Now I celebrate my androgynous identity and revel in the power that I feel in knowing I am challenging an antiquated and repressive model of gender. Man & Woman are not two separate, absolute, categories. Men can be feminine and women can be masculine, and both can be both or even neither. What I’m trying to say here is this: fuck the gender binary. It binds us all to restrictive definitions of who we are supposed to be, what we are supposed to do, and even who we are supposed to be attracted to.

I don’t usually talk much about my personal life on this blog, because frankly its none of anybody’s business. But I wanted to post some of the other songs I considered as backing tracks for my drag king act, and somehow I felt this necessitated a few words about my own gender politics. Also, listening to these songs in the context of queering or blurring gender creates a radically different listening experience.

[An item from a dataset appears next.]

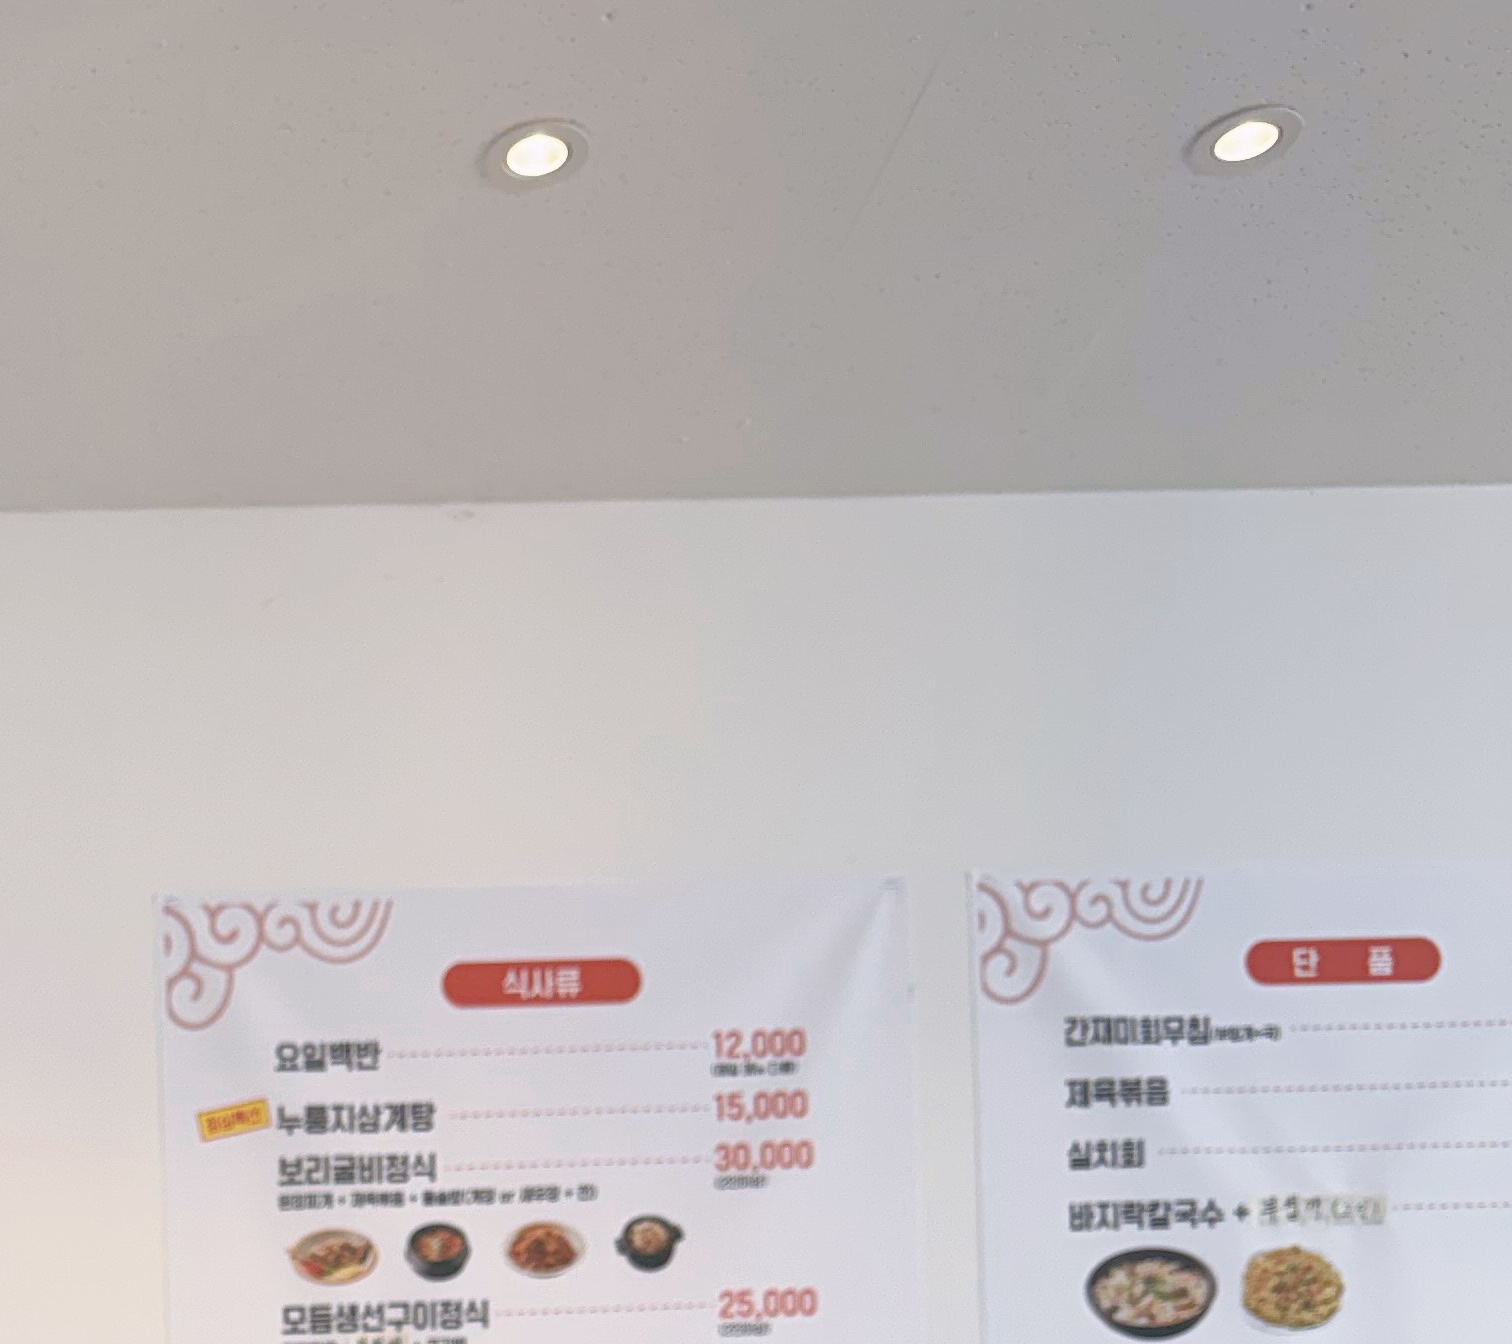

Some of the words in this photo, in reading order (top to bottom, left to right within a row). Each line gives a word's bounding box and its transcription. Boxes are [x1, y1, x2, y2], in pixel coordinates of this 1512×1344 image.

Think about it. How does Muddy Waters’ “I’m a Man” take on new meaning when it is performed by Erykah Badu? Or by a butch lesbian? Or a trans-guy? Or a flaming queen? Try to listen to the Beatles “I Wanna Be Your Man” from the perspective of someone who may not fall into traditional categories of ‘normal’ masculinity, yet who is claiming the masculine prerogative nonetheless. You can do the same for the Ramones “I Wanna Be Your Boyfriend”. In fact, the rock and roll back catalog, constructed as it was mostly by men assuming a hyper-masculine “rock” posture, provides a million opportunities for queer re-invention.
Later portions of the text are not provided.